(YOUR TASK)
Exclude the pictures and reproduce the remaining data exactly as written.
(Beginning of WORKING DATA)
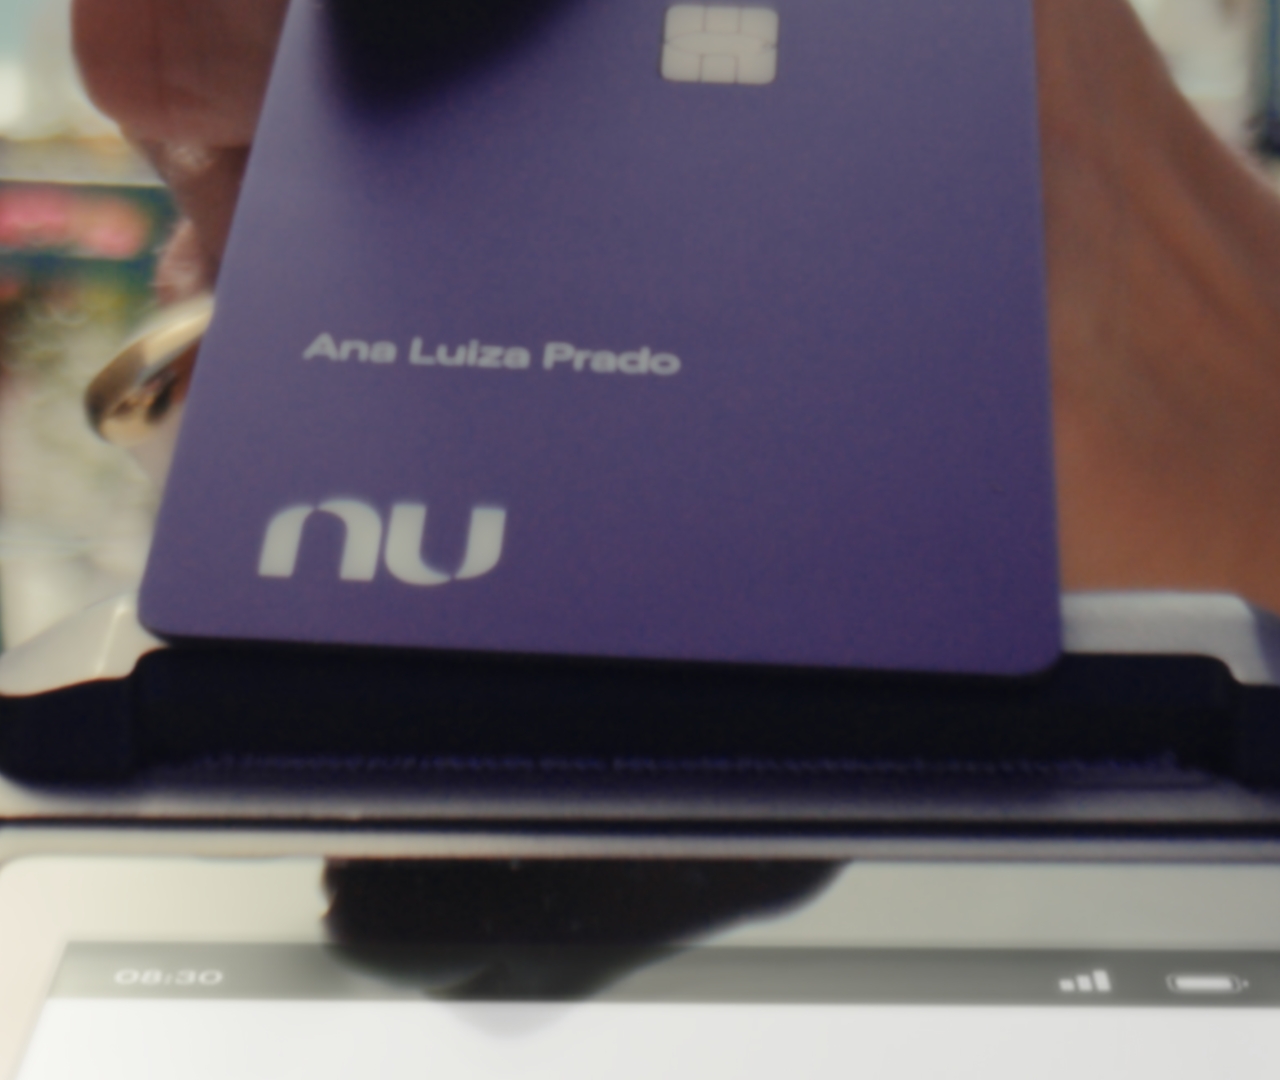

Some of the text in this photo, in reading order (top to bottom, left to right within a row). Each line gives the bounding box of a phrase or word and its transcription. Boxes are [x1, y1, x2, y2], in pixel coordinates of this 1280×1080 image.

[303, 332, 682, 376] Ana Luiza Prado
[113, 967, 224, 987] 08:30
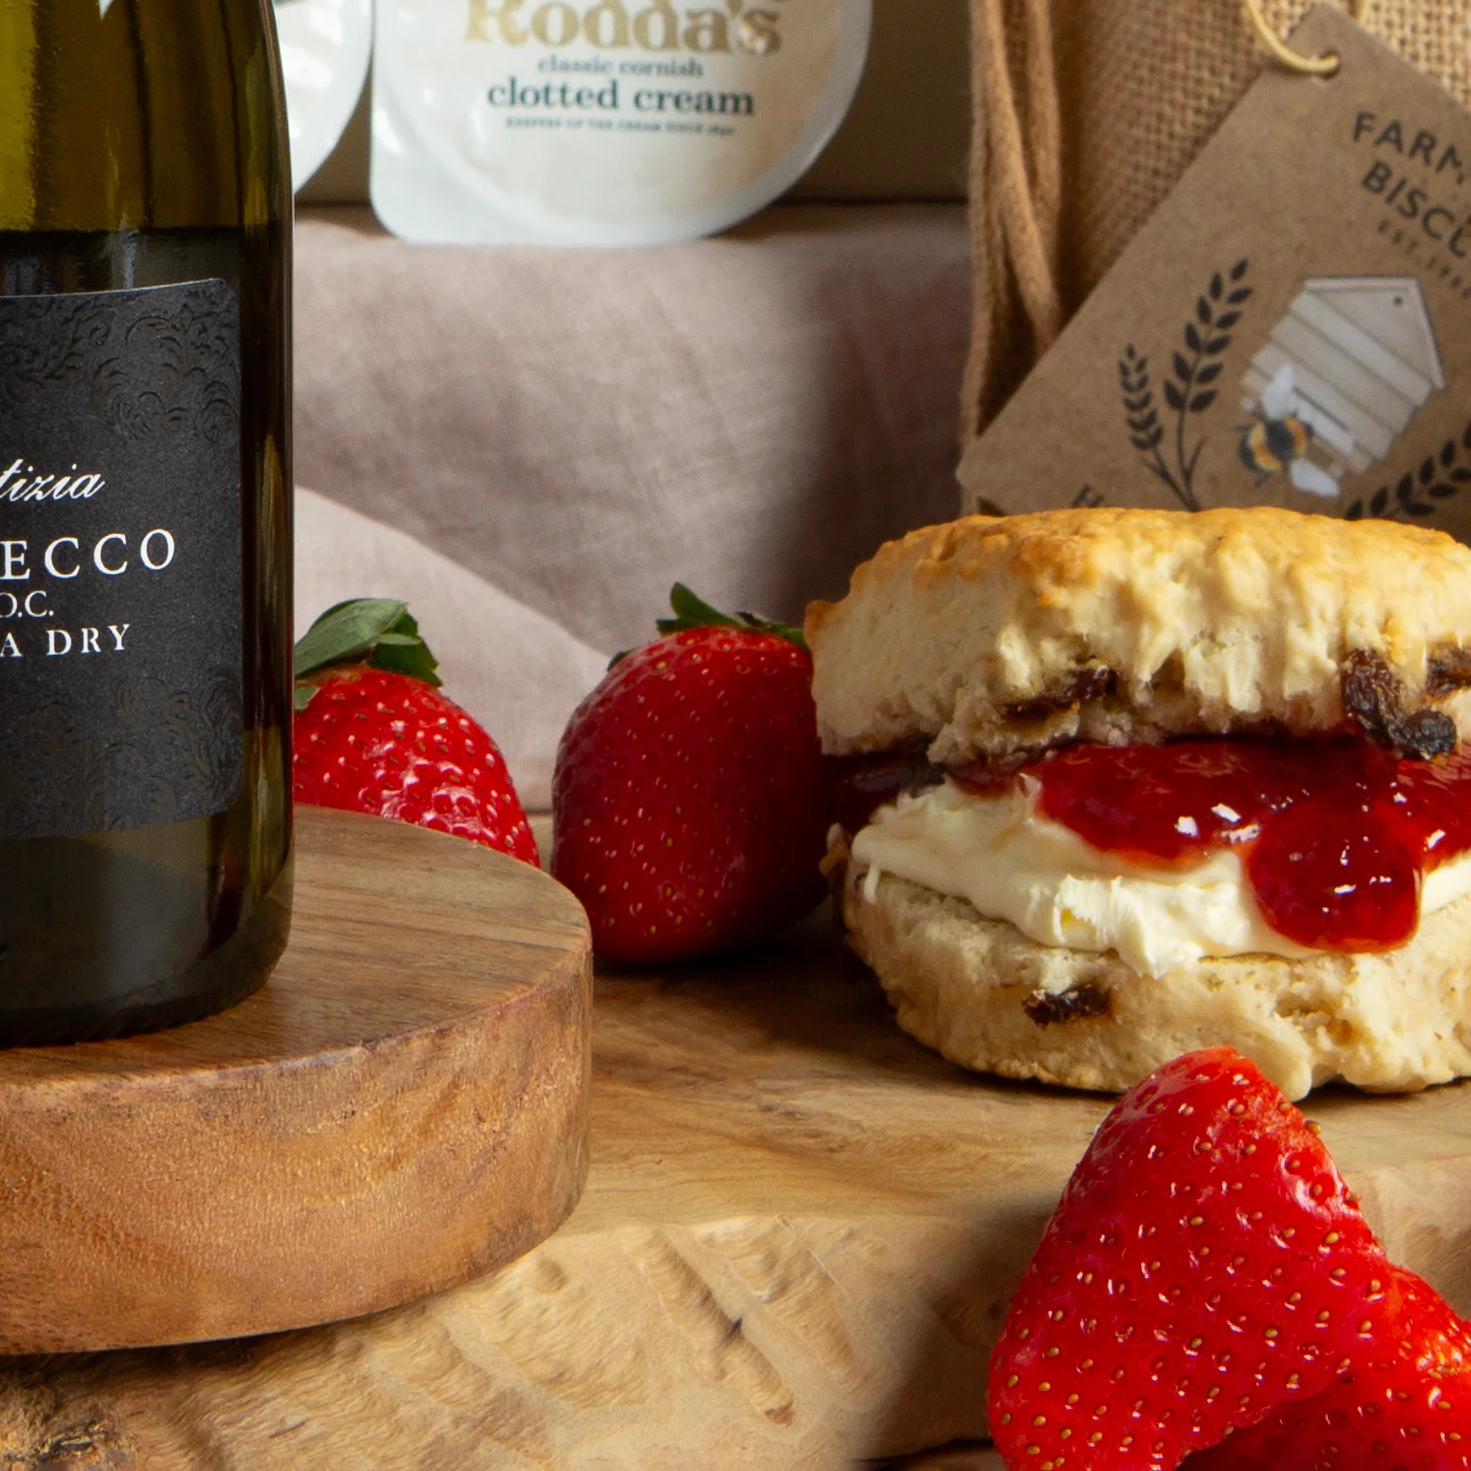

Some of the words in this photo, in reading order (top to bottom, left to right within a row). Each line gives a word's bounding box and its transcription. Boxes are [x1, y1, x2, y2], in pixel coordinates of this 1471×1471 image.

[538, 56, 613, 76] classic
[620, 57, 703, 78] cornish
[488, 76, 619, 109] clotted
[634, 88, 755, 116] cream
[46, 623, 130, 656] DRY
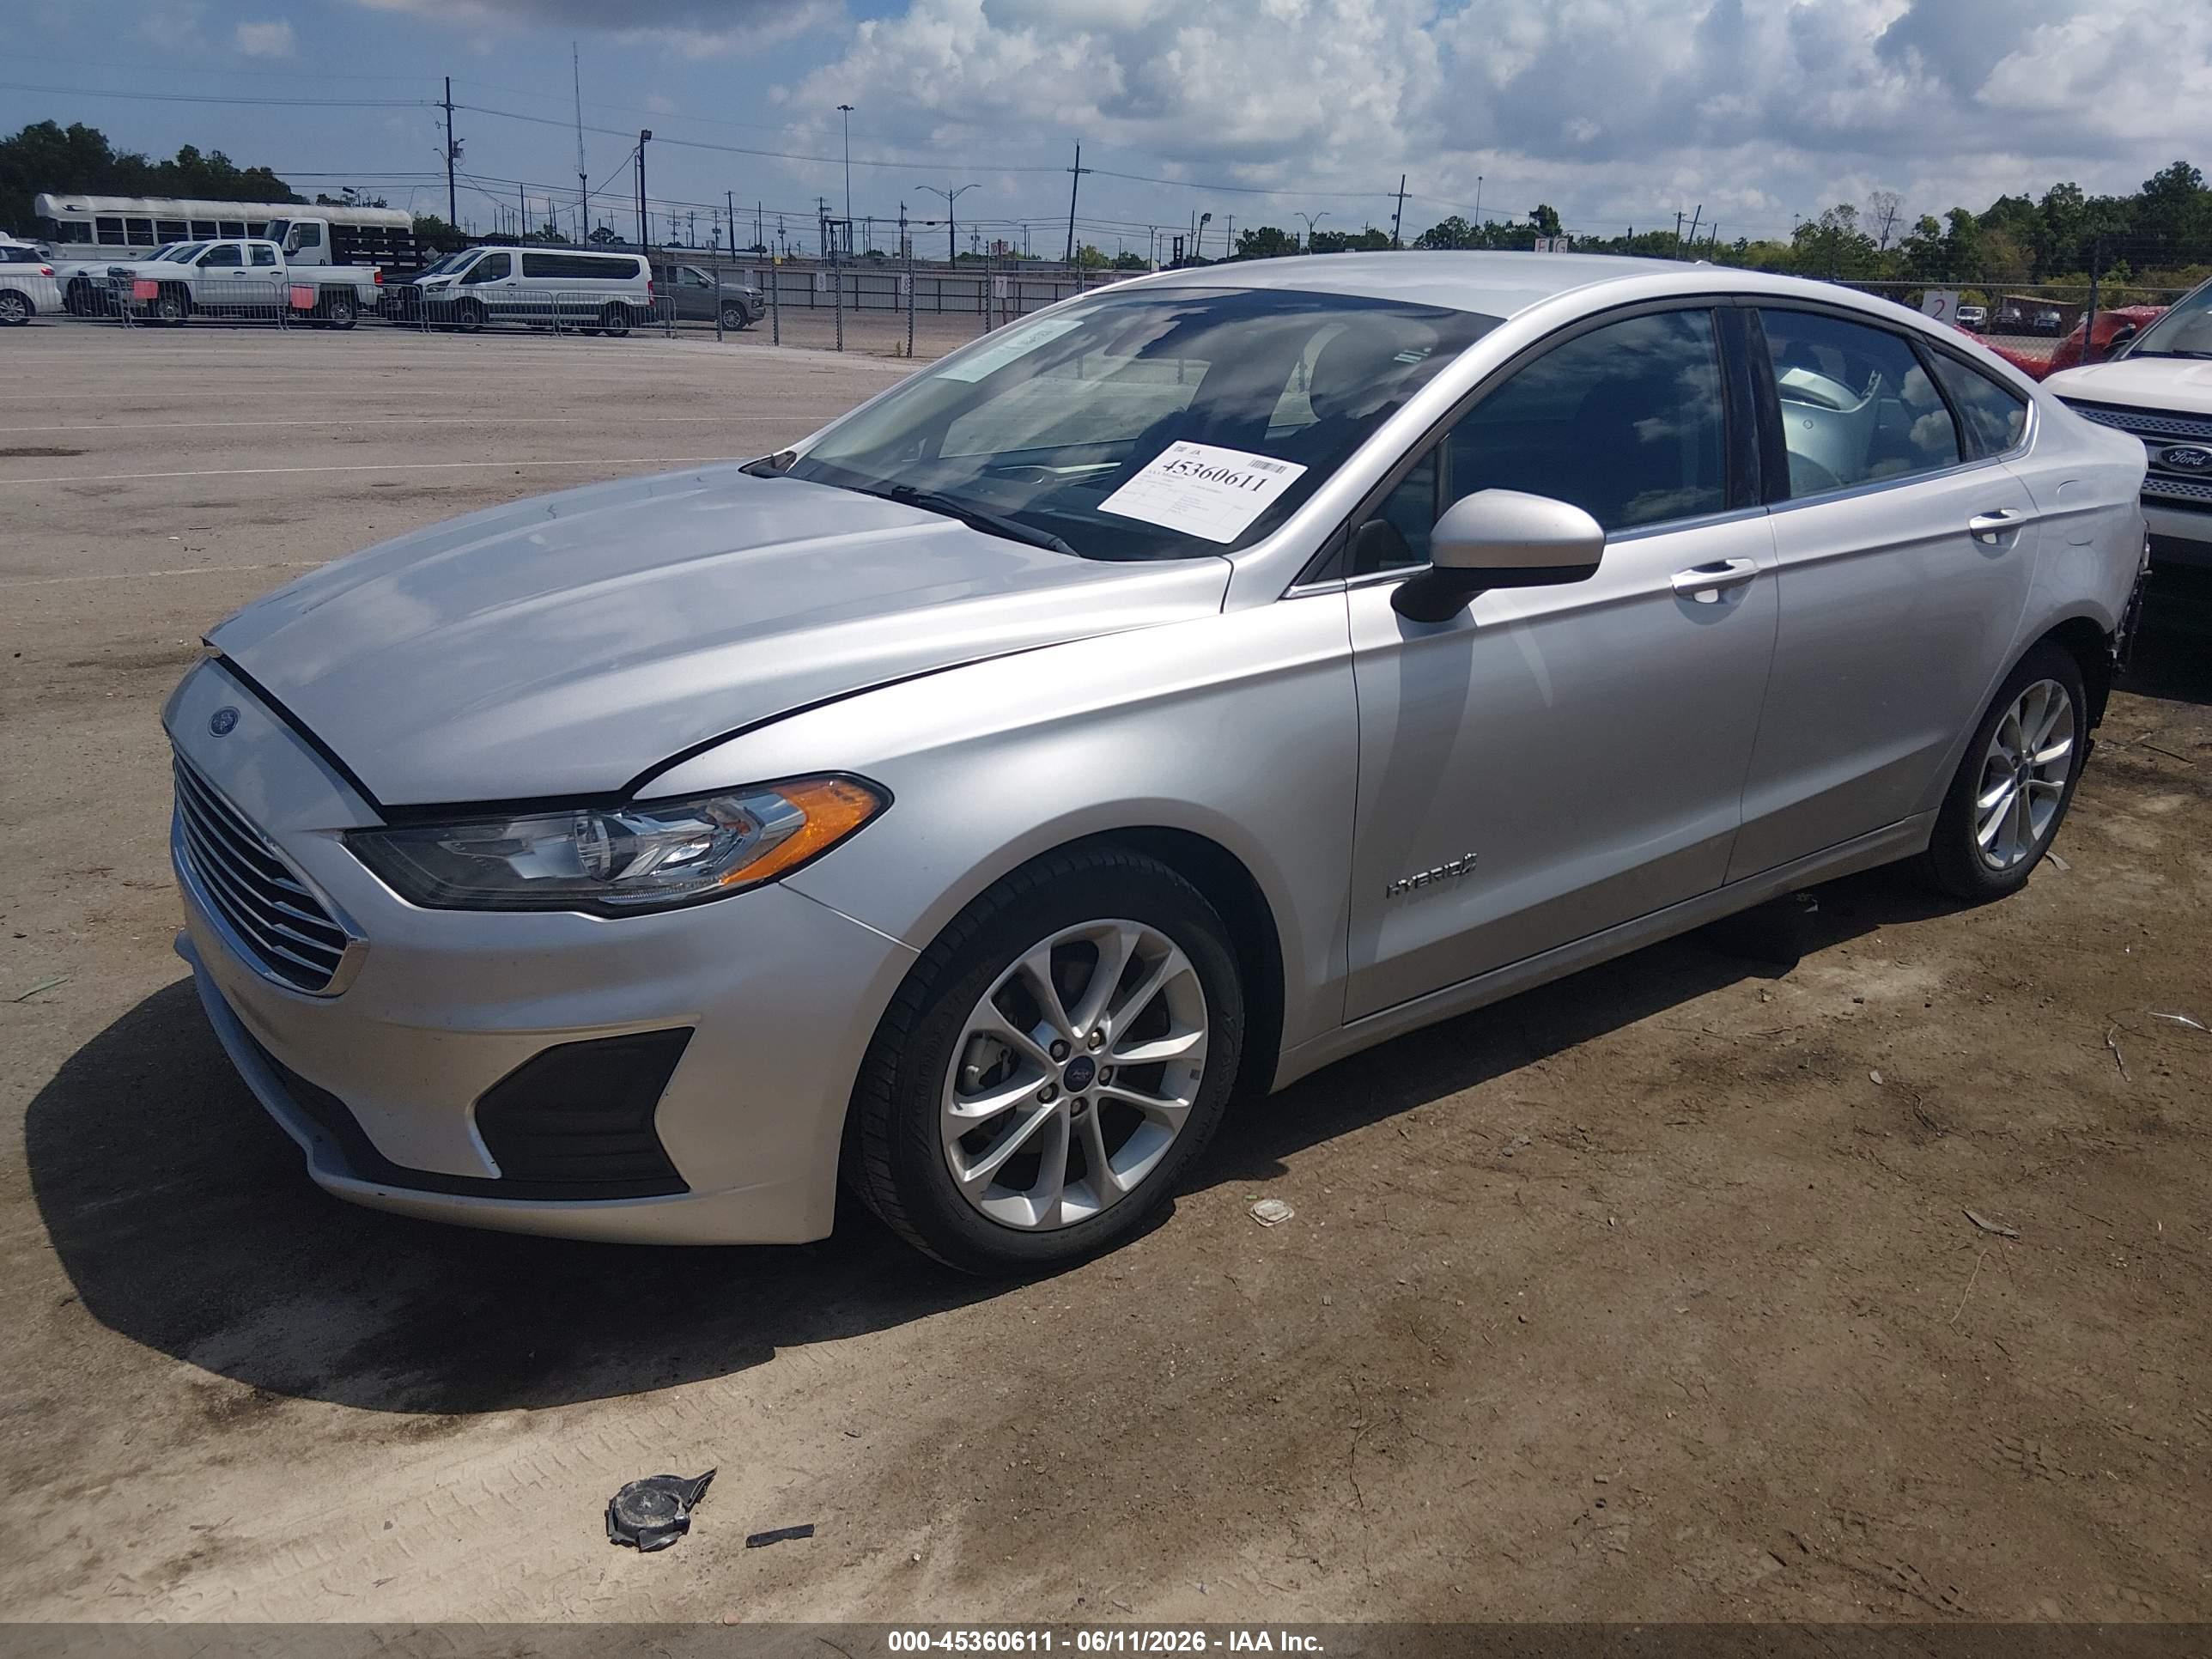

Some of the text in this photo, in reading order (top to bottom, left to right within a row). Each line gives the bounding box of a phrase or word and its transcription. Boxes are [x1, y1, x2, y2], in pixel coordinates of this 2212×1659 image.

[1555, 240, 1565, 253] G
[998, 280, 1004, 293] 7
[1932, 299, 1946, 322] 2
[2169, 450, 2206, 465] Ford
[1162, 459, 1269, 493] 45360611
(End of WORKING DATA)
(RESPONSE AREA)
Some of the text in this photo, in reading order (top to bottom, left to right within a row). Each line gives the bounding box of a phrase or word and its transcription. Boxes are [x1, y1, x2, y2], in pixel coordinates of this 1280×1080 image.

[303, 332, 682, 376] Ana Luiza Prado
[113, 967, 224, 987] 08:30

Some of the words in this photo, in reading order (top to bottom, left to right within a row). Each line gives a word's bounding box and its transcription. Boxes are [x1, y1, x2, y2], in pixel coordinates of this 1471×1471 image.

[538, 56, 613, 76] classic
[620, 57, 703, 78] cornish
[488, 76, 619, 109] clotted
[634, 88, 755, 116] cream
[46, 623, 130, 656] DRY

Some of the text in this photo, in reading order (top to bottom, left to right within a row). Each line gives the bounding box of a phrase or word and its transcription. Boxes are [x1, y1, x2, y2], in pixel coordinates of this 2212×1659 image.

[1555, 240, 1565, 253] G
[998, 280, 1004, 293] 7
[1932, 299, 1946, 322] 2
[2169, 450, 2206, 465] Ford
[1162, 459, 1269, 493] 45360611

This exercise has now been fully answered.